Quels enjeux pour les chauffeurs de taxi et de VTC ?
Les chauffeurs de taxi et de VTC doivent disposer d’un bulletin n°2 exempt de certaines condamnations. Peuvent notamment faire obstacle à l’exercice de la profession certaines condamnations routières graves, la conduite sans permis ou malgré une annulation, ainsi que certaines peines d’emprisonnement prononcées pour des infractions déterminées.
Puisque l’AFD est en principe exclue du bulletin n°2, son paiement ne suffit pas, à lui seul, à établir qu’un chauffeur perdra automatiquement sa carte. Il faut cependant éviter toute conclusion trop rassurante.
Les faits ayant donné lieu à l’AFD peuvent révéler une violation de la réglementation professionnelle. Le Code des transports autorise alors l’administration à adresser un avertissement au conducteur ou à retirer temporairement ou définitivement sa carte professionnelle. Cette procédure administrative est distincte de la question de l’inscription au bulletin n°2.
Certaines infractions peuvent également entraîner d’autres conséquences : suspension du permis, immobilisation du véhicule, difficultés avec l’assureur, désactivation d’un compte sur une plateforme ou rupture d’une relation commerciale. Les règles applicables et les conditions contractuelles doivent être examinées au cas par cas.
Enfin, si l’AFD est contestée et que le conducteur est ensuite poursuivi puis condamné par un tribunal, la décision judiciaire peut produire des conséquences différentes de celles du simple paiement forfaitaire.

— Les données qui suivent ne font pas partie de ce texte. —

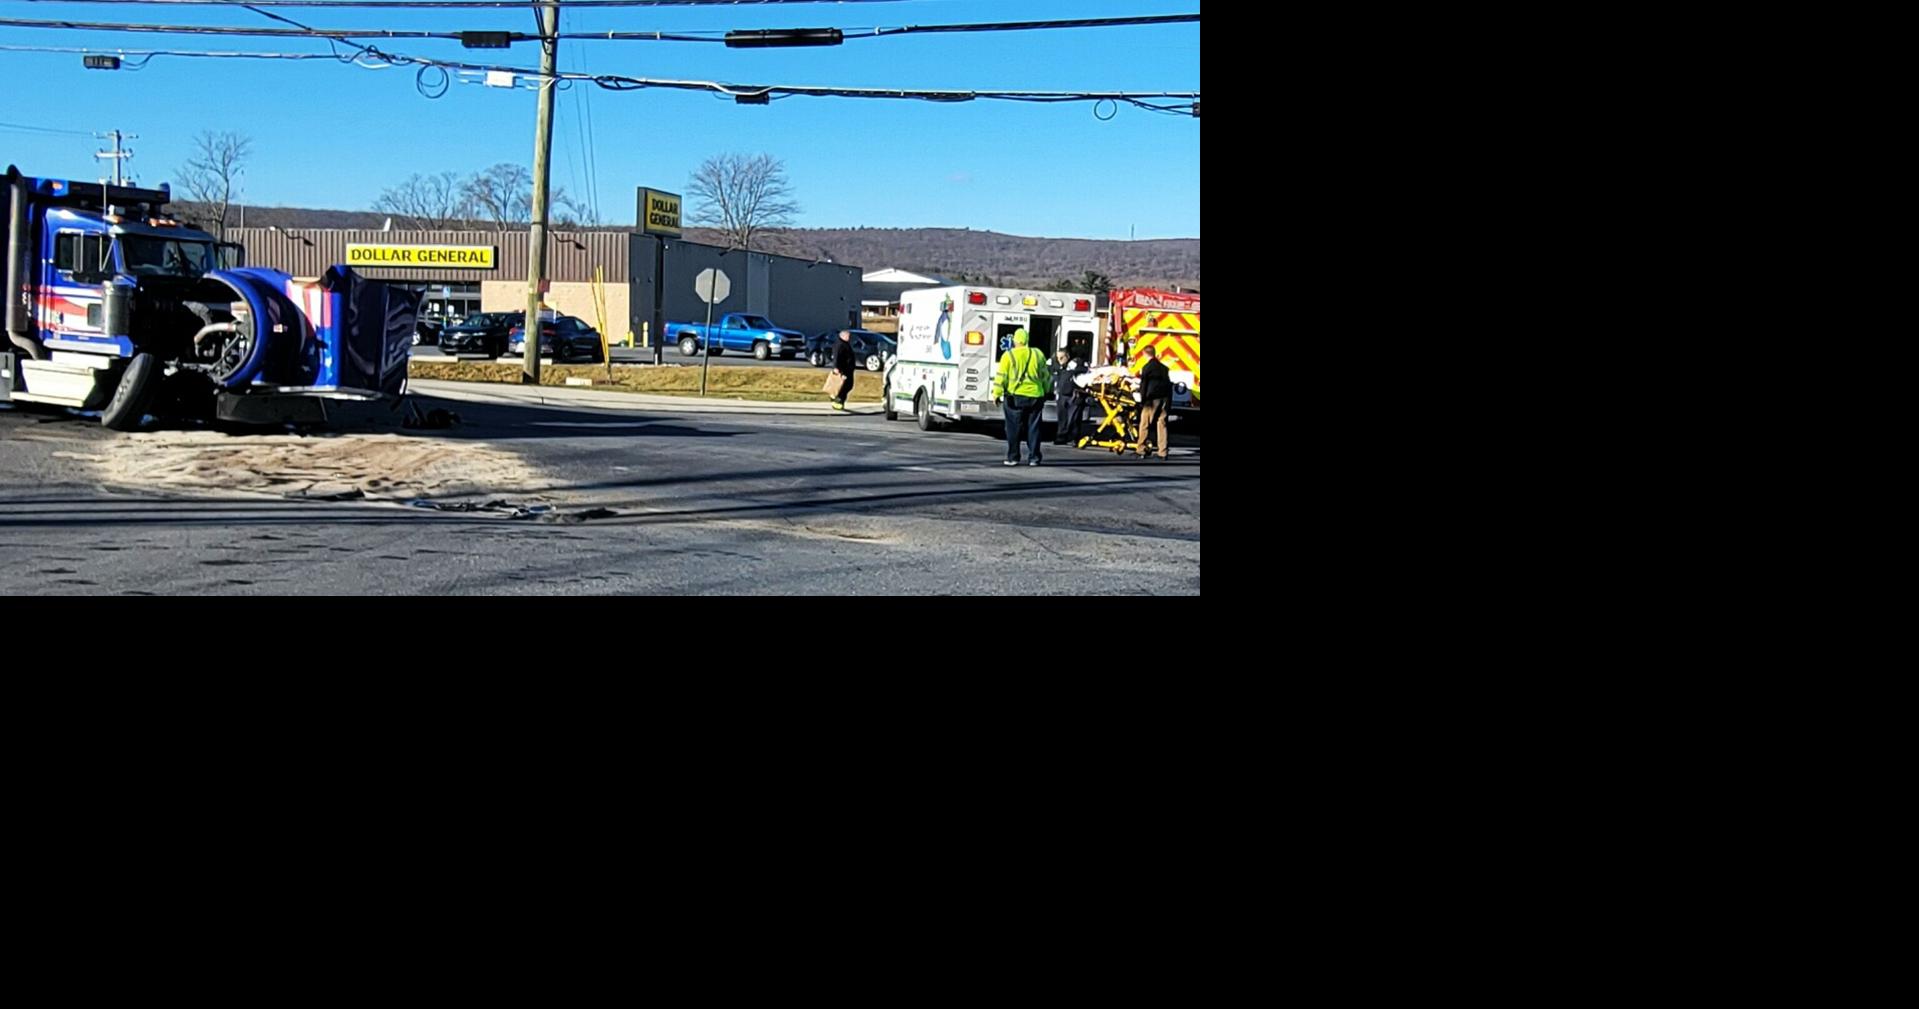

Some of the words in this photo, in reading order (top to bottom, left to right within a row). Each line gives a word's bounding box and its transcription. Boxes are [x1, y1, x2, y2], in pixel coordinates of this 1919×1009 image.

[652, 198, 678, 214] DOLLAR
[650, 212, 680, 228] GENERAL
[351, 248, 412, 262] DOLLAR
[417, 249, 489, 263] GENERAL

La question d’une éventuelle exclusion de la condamnation du bulletin n°2 doit alors être soulevée devant la juridiction.
Faut-il payer ou contester l’AFD ?
Le paiement ne doit pas être considéré comme une formalité administrative. Il vaut reconnaissance de l’infraction, éteint l’action publique et ferme, en principe, la voie à une contestation ultérieure sur le fond.

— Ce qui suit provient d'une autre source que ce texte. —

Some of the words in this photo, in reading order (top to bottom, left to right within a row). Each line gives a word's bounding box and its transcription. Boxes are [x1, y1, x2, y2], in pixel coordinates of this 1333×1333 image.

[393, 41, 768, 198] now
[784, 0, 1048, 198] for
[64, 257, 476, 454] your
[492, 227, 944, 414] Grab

Avant de payer, il faut vérifier la qualification des faits, l’identité de l’auteur, les conditions du contrôle, le contenu du procès-verbal et le respect de la procédure. Une contestation peut être pertinente lorsque les faits sont inexacts, insuffisamment établis ou juridiquement mal qualifiés.
Elle doit être formée dans les délais et selon les modalités indiquées sur l’avis. Pour l’amende forfaitaire initiale, le délai est généralement de quarante-cinq jours. Une consignation peut être exigée. Le procureur peut ensuite classer le dossier, engager des poursuites ou déclarer la contestation irrecevable si elle n’est pas motivée ou ne respecte pas les formes requises.
Contester n’est toutefois pas sans risque. En cas de condamnation, le tribunal peut prononcer une amende au moins égale au montant forfaitaire applicable, sauf décision spécialement motivée tenant compte des ressources et des charges. La stratégie doit donc être définie à partir du dossier et des conséquences professionnelles encourues.
Une décision à prendre en connaissance de cause
L’amende forfaitaire délictuelle n’est ni une contravention ordinaire ni une condamnation prononcée après audience. Son paiement met fin aux poursuites, mais l’infraction reste enregistrée au casier judiciaire et peut être prise en compte en matière de récidive.
Pour les chauffeurs de taxi et de VTC, le danger ne réside pas seulement dans le casier judiciaire. Il tient aussi aux éventuelles conséquences administratives, professionnelles, contractuelles et assurantielles des faits reprochés.
Avant tout paiement, il est donc utile d’analyser précisément l’infraction, la régularité de la procédure et la situation professionnelle du conducteur. Une contestation peut permettre d’obtenir un classement sans suite ou, si le dossier est porté devant le tribunal, une relaxe. Elle doit cependant être juridiquement fondée et engagée dans les délais.
Face à une amende forfaitaire délictuelle, la volonté de régler rapidement le problème ne doit jamais remplacer une véritable analyse du dossier.